Key payers considered in this analysis include Aetna, Blue Cross Blue Shield, Cigna Health, United Healthcare, and Medicare. Readers will find an overview of the clinical context for lumbar-region anesthesia, common billing considerations, related CPT groupings, and payer coverage alignment. The publication summarizes typical sites of service and associated clinical diagnoses commonly seen with lumbar procedures, and it highlights related anesthesia CPT codes used for adjacent or procedure-specific scenarios.
This material is intended to provide a concise reference on what CPT code 00630 represents, why it is used in the clinical-billing interface, and where it sits relative to related lumbar-region anesthesia codes. Data not available in the input is noted where applicable.
Billing Code Overview
CPT code 00630 describes anesthesia services provided for a procedure in the lumbar region. The service type is anesthesia for lumbar-region surgical or diagnostic procedures. The typical site of service is an operating room or procedure suite involving lumbar-region surgery or interventions, such as spine surgery, lumbar decompression, or other invasive lumbar procedures.
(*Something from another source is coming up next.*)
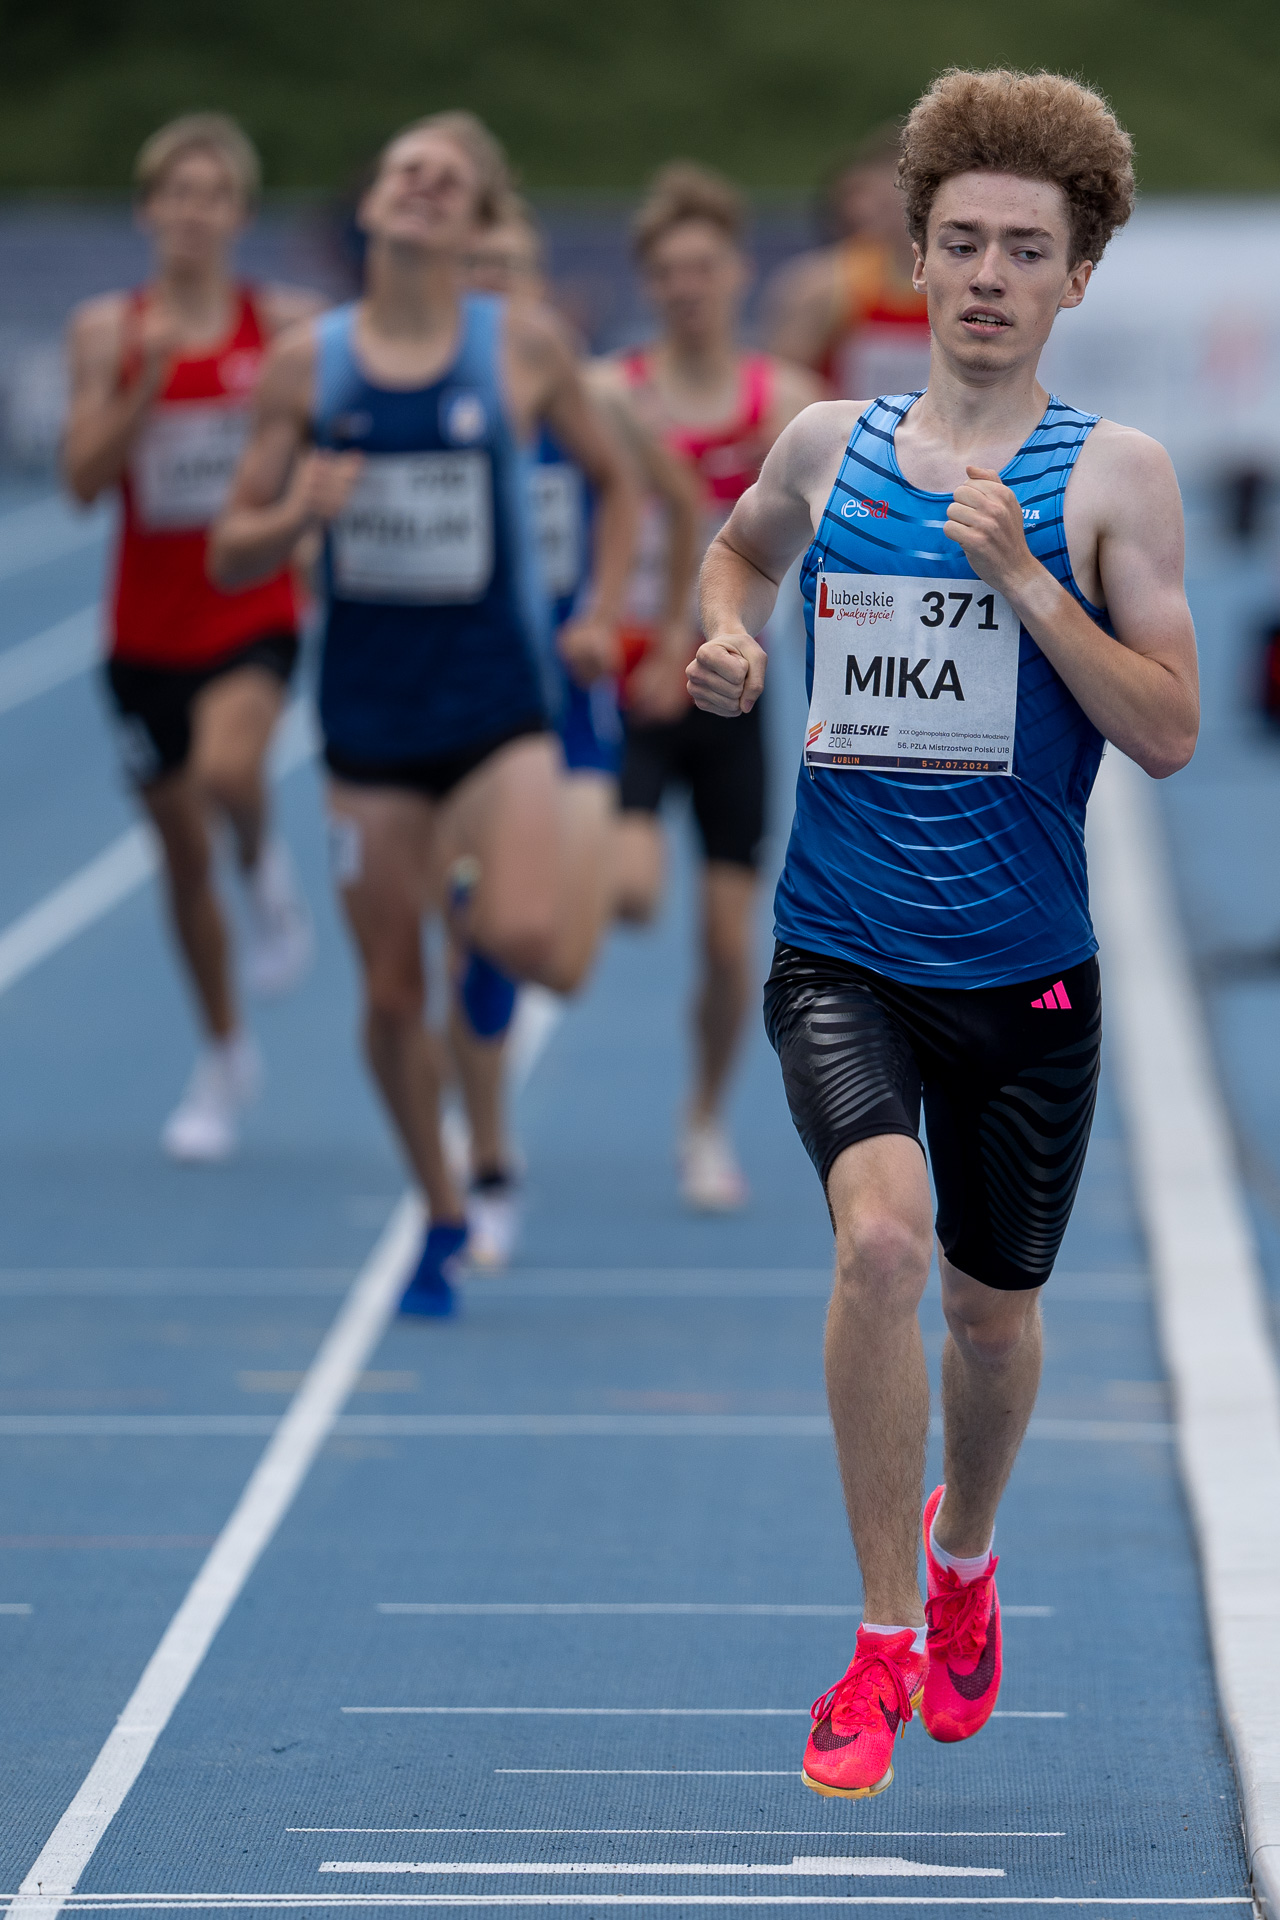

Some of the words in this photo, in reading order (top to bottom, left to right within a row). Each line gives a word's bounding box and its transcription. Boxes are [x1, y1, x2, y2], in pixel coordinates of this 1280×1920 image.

Clinical & Coding Specifications
Clinical Context
A 58-year-old patient with chronic lumbar radicular pain and progressive neurogenic claudication secondary to lumbar spinal stenosis (M48.06) is scheduled for an elective posterior lumbar decompression and fusion at L4–L5. Preoperative evaluation by the anesthesia team documents controlled hypertension and well-managed type 2 diabetes, ASA physical status P3. On the day of surgery the anesthesiology team performs a focused airway and cardiopulmonary assessment, establishes standard ASA monitors, places intravenous access, and induces general endotracheal anesthesia. Intraoperatively, an anesthesiologist provides continuous anesthetic management for the lumbar-region procedure, including hemodynamic optimization, intraoperative analgesia, neuromonitoring-friendly anesthetic technique, and emergence planning. Postoperatively the patient is transferred to the PACU for recovery and pain control with multimodal analgesia.
This workflow reflects anesthesia services billed with 00630 (anesthesia for procedures in the lumbar region; not otherwise specified) and commonly accompanies lumbar spine surgical procedures such as decompression, fusion, or instrumentation for diagnoses including M54.5, M51.26, M47.816, and M53.3.